◆ **Material for this exercise**:
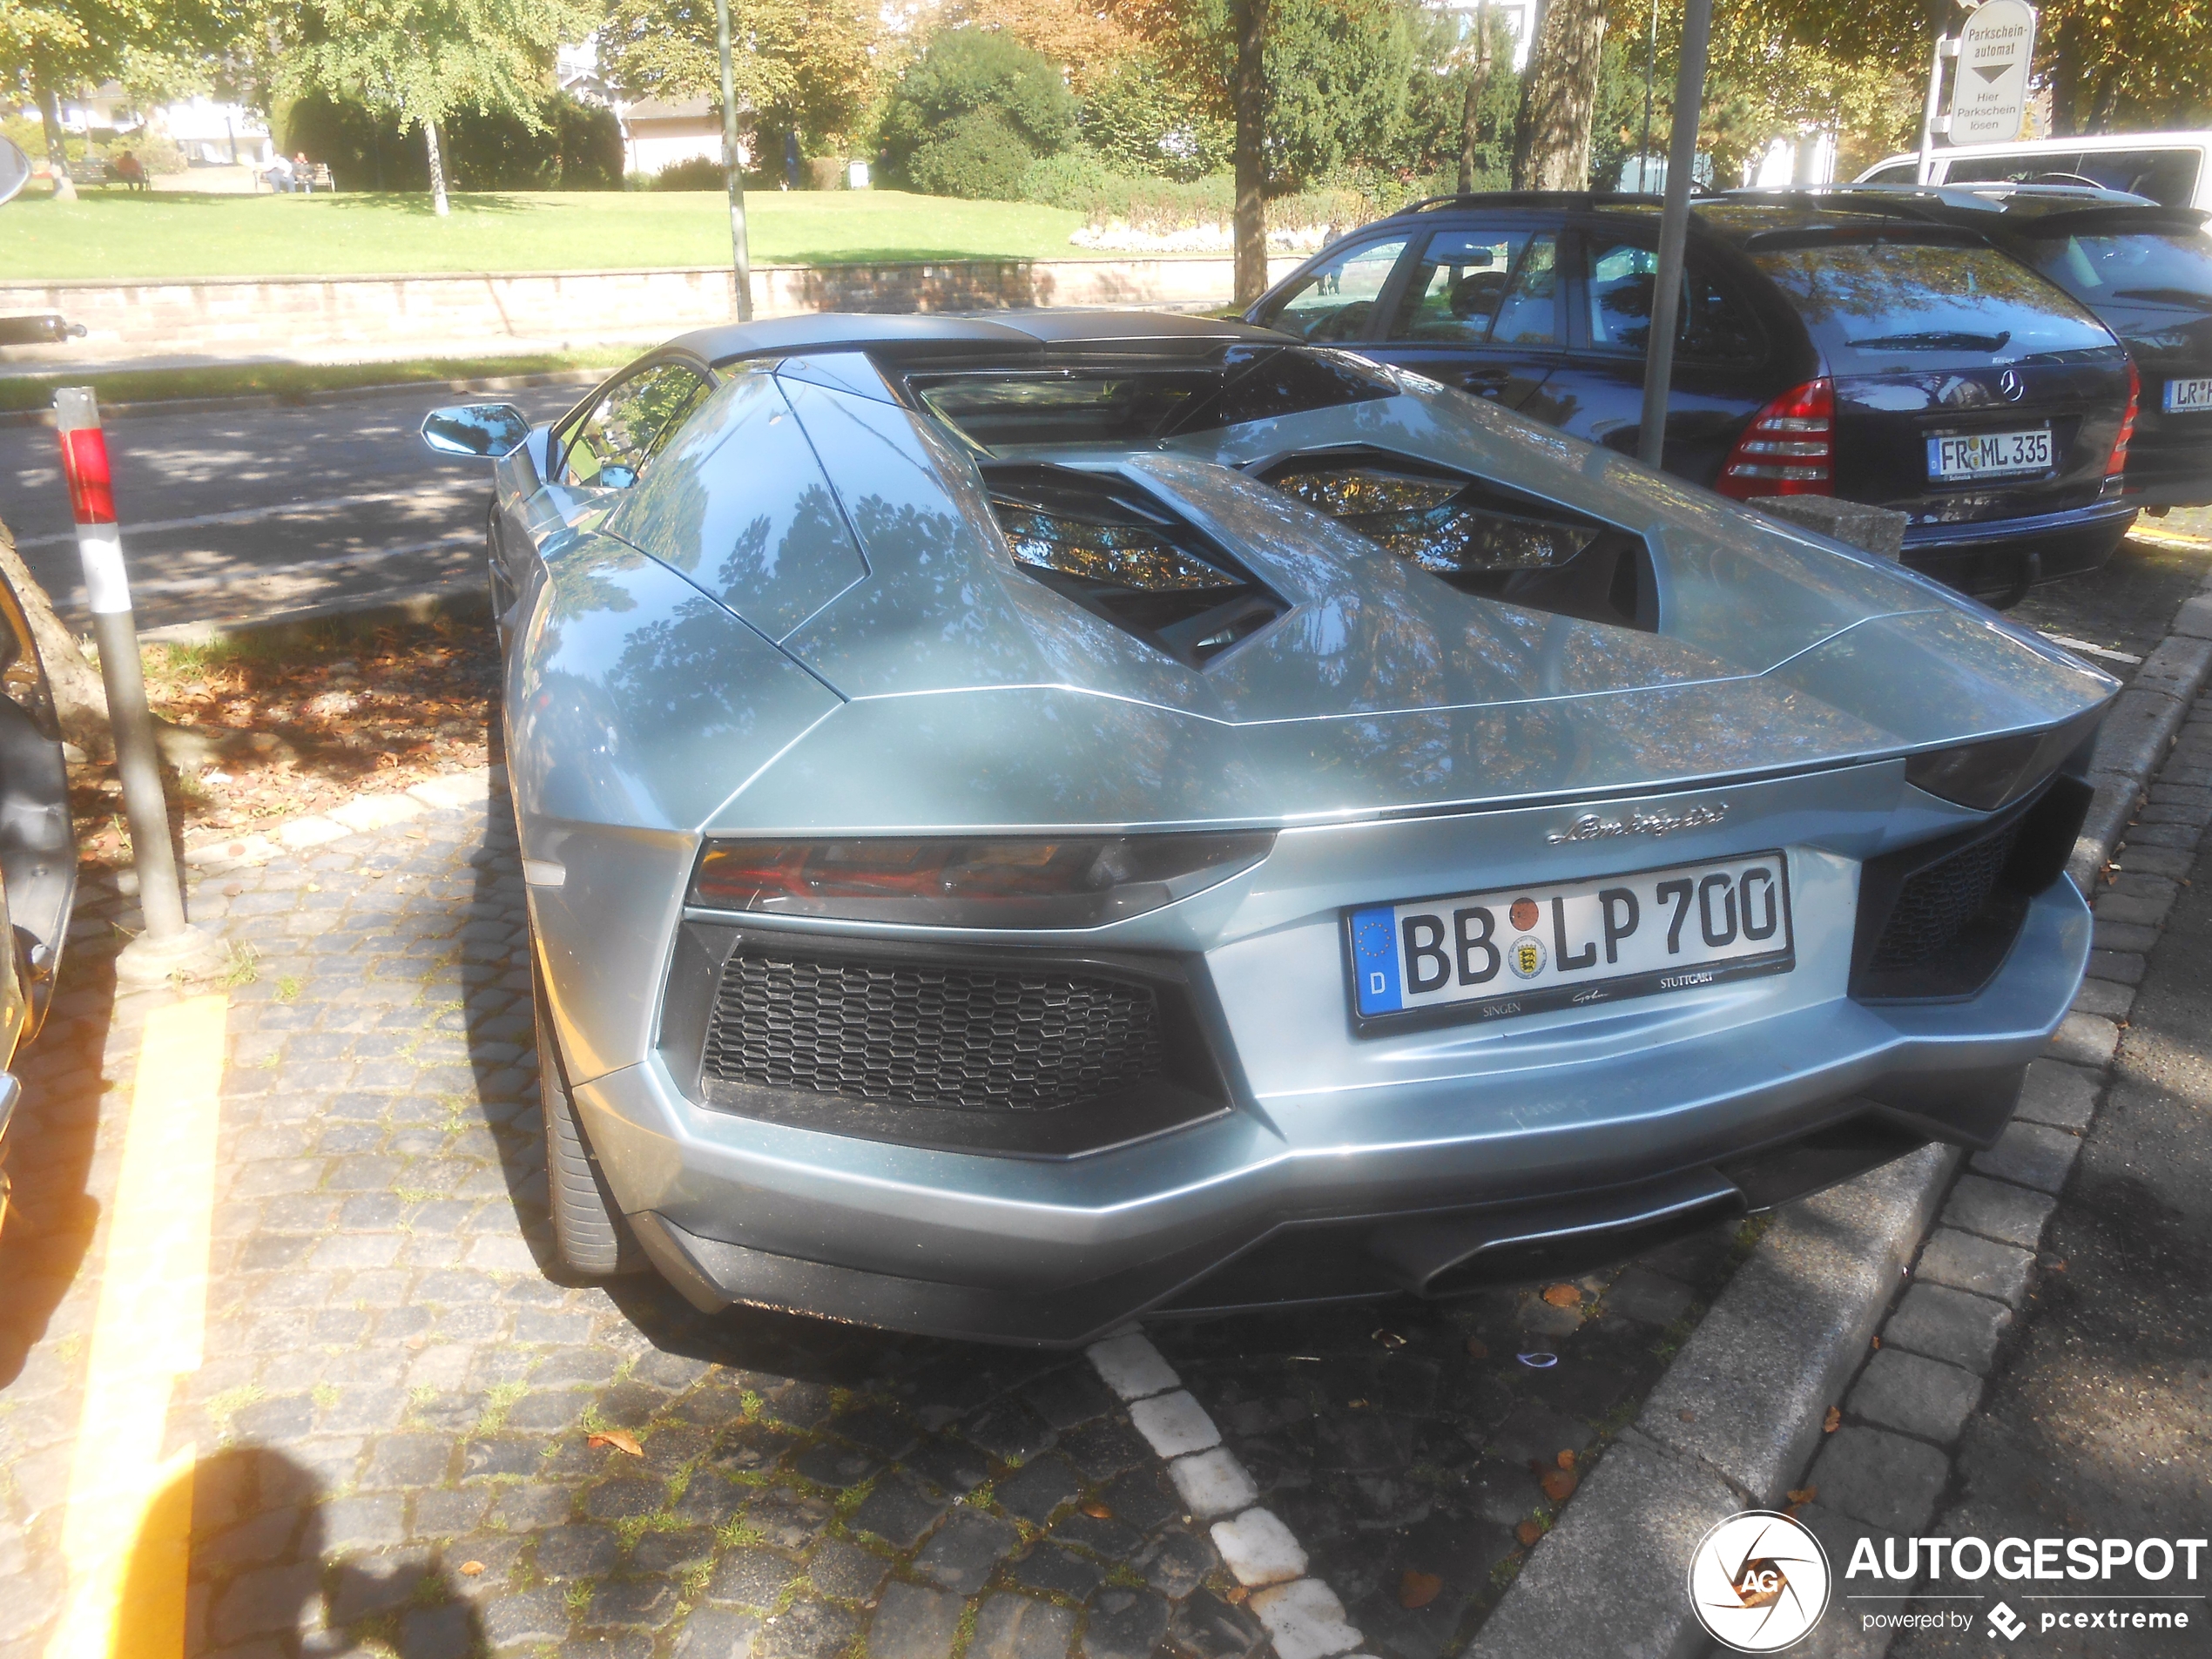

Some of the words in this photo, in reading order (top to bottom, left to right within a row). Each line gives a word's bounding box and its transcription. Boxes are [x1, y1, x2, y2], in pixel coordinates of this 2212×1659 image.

[1968, 24, 2028, 42] Parkschein-
[1974, 43, 2015, 58] automat
[1977, 92, 2000, 103] Hier
[1957, 105, 2016, 118] Parkschein
[1970, 121, 1999, 131] lösen
[2177, 382, 2197, 405] LR
[1941, 440, 1969, 470] FR
[1980, 437, 2008, 468] ML
[2013, 435, 2048, 464] 335
[1545, 801, 1730, 846] Lamborghini
[1400, 906, 1502, 995] BB
[1550, 887, 1641, 973] LP
[1656, 867, 1777, 954] 700
[1370, 971, 1386, 995] D
[1660, 971, 1714, 989] STUTTGART
[1482, 1001, 1521, 1017] SINGEN

◆ **Task goal**: No picture is to appear in the copy; every entry above is otherwise to be printed verbatim.

◆ **Result below**:
Some of the words in this photo, in reading order (top to bottom, left to right within a row). Each line gives a word's bounding box and its transcription. Boxes are [x1, y1, x2, y2], in pixel coordinates of this 2212×1659 image.

[1968, 24, 2028, 42] Parkschein-
[1974, 43, 2015, 58] automat
[1977, 92, 2000, 103] Hier
[1957, 105, 2016, 118] Parkschein
[1970, 121, 1999, 131] lösen
[2177, 382, 2197, 405] LR
[1941, 440, 1969, 470] FR
[1980, 437, 2008, 468] ML
[2013, 435, 2048, 464] 335
[1545, 801, 1730, 846] Lamborghini
[1400, 906, 1502, 995] BB
[1550, 887, 1641, 973] LP
[1656, 867, 1777, 954] 700
[1370, 971, 1386, 995] D
[1660, 971, 1714, 989] STUTTGART
[1482, 1001, 1521, 1017] SINGEN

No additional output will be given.